SUPREME COURT OF THE UNITED STATES

Syllabus

HOLMES v. SECURITIES INVESTOR PROTECTION CORPORATION et al.

certiorari to the united states court of appeals for the ninth circuit

No. 90-727. Argued November 13, 1991 -- Decided March 24, 1992

Pursuant to its authority under the Securities Investor Protection Act (SIPA), respondent Securities Investor Protection Corporation (SIPC) sought, and received, judicial decrees to protect the customers of two of its member broker dealers. After trustees were appointed to liquidate the broker dealers' businesses, SIPC and the trustees filed this suit, alleging, among other things, that petitioner Holmes and others had conspired in a fraudulent stock manipulation scheme that disabled the broker dealers from meeting obligations to customers; that this conduct triggered SIPC's statutory duty to advance funds to reimburse the customers; that the conspirators had violated the Securities Exchange Act of 1934 and regulations promulgated thereunder; and that their acts amounted to a "pattern of racketeering activity" within the meaning of the Racketeer Influenced and Corrupt Organizations Act (RICO), 18 U.S.C. §§ 1962 1961(1) and (5), so as to entitle the plaintiffs to recover treble damages, § 1964(c). The District Court entered summary judgment for Holmes on the RICO claims, ruling, inter alia, that SIPC did not meet the "purchaser seller" requirement for standing under RICO. The Court of Appeals held the finding of no standing to be error and, for this and other reasons, reversed and remanded.

Held: SIPC has demonstrated no right to sue Holmes under § 1964(c). Pp. 6-17.

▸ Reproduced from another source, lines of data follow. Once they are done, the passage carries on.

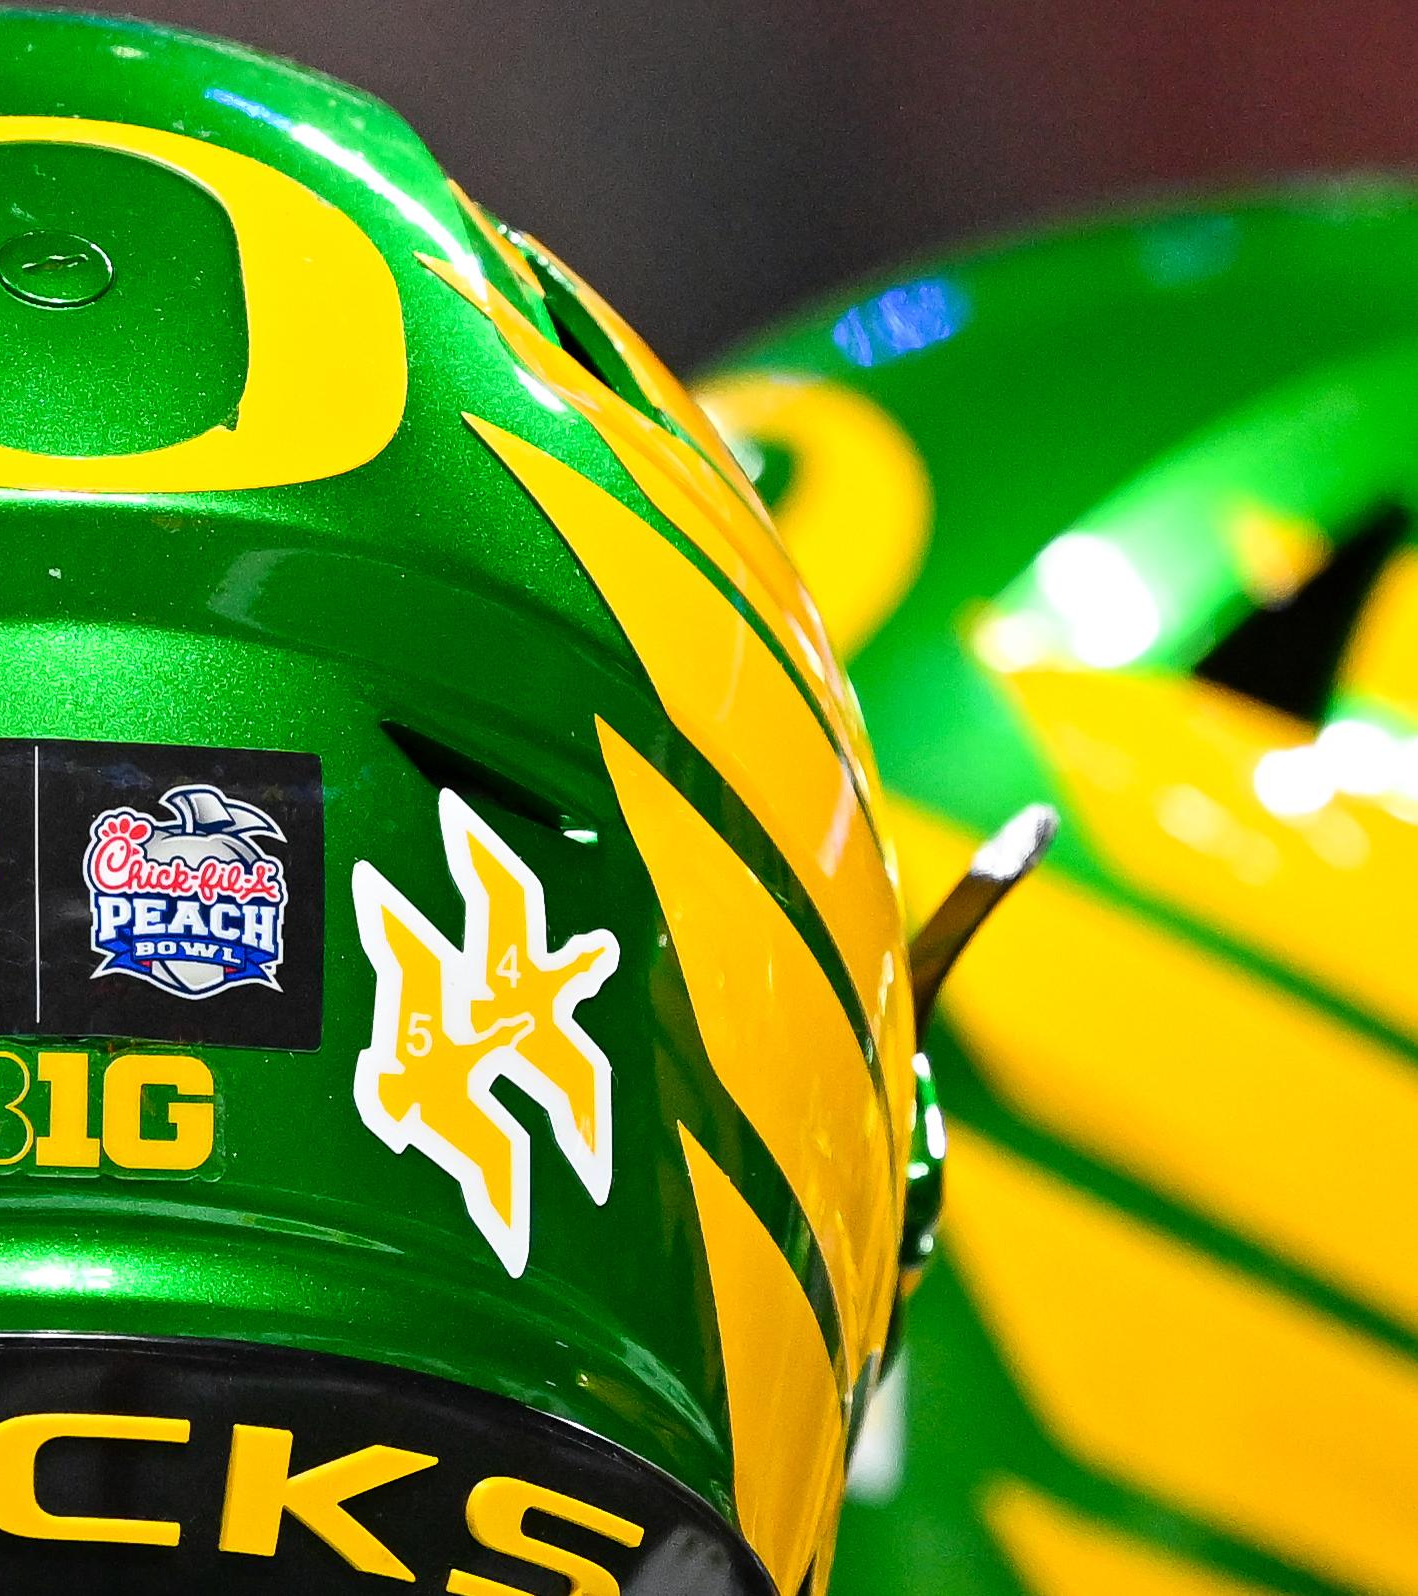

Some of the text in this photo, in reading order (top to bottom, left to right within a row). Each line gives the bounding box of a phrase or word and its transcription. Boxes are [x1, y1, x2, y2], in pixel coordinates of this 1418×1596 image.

[95, 834, 277, 902] Chick-fil-A
[98, 896, 277, 953] PEACH
[135, 941, 241, 964] BOWL
[495, 944, 521, 989] 4
[406, 1013, 433, 1057] 5

(a) A plaintiff's right to sue under § 1964(c)-- which specifies that "[a]ny person injured . . . by reason of a violation of [§ 1962] may sue therefor . . . and . . . recover threefold the damages he sustains . . ."-- requires a showing that the defendant's violation was the proximate cause of the plaintiff's injury. Section 1964(c) was modeledon § 4 of the Clayton Act, which was itself based on § 7 of the Sherman Act, see Associated General Contractors of Cal., Inc. v. Carpenters, 459 U.S. 519, 530, and both antitrust sections had been interpreted to incorporate common law principles of proximate causation, see, e. g., id., at 533-534, and n. 29, 536, n. 33. It must be assumed that the Congress which enacted § 1964(c) intended its words to have the same meaning that courts had already given them. Cf. id., at 534. Although § 1964(c)'s language can be read to require only factual, "but for," causation, this construction is hardly compelled, and the very unlikelihood that Congress meant to allow all factually injured plaintiffs to recover persuades this Court that the Act should not get such an expansive reading. Pp. 6-9.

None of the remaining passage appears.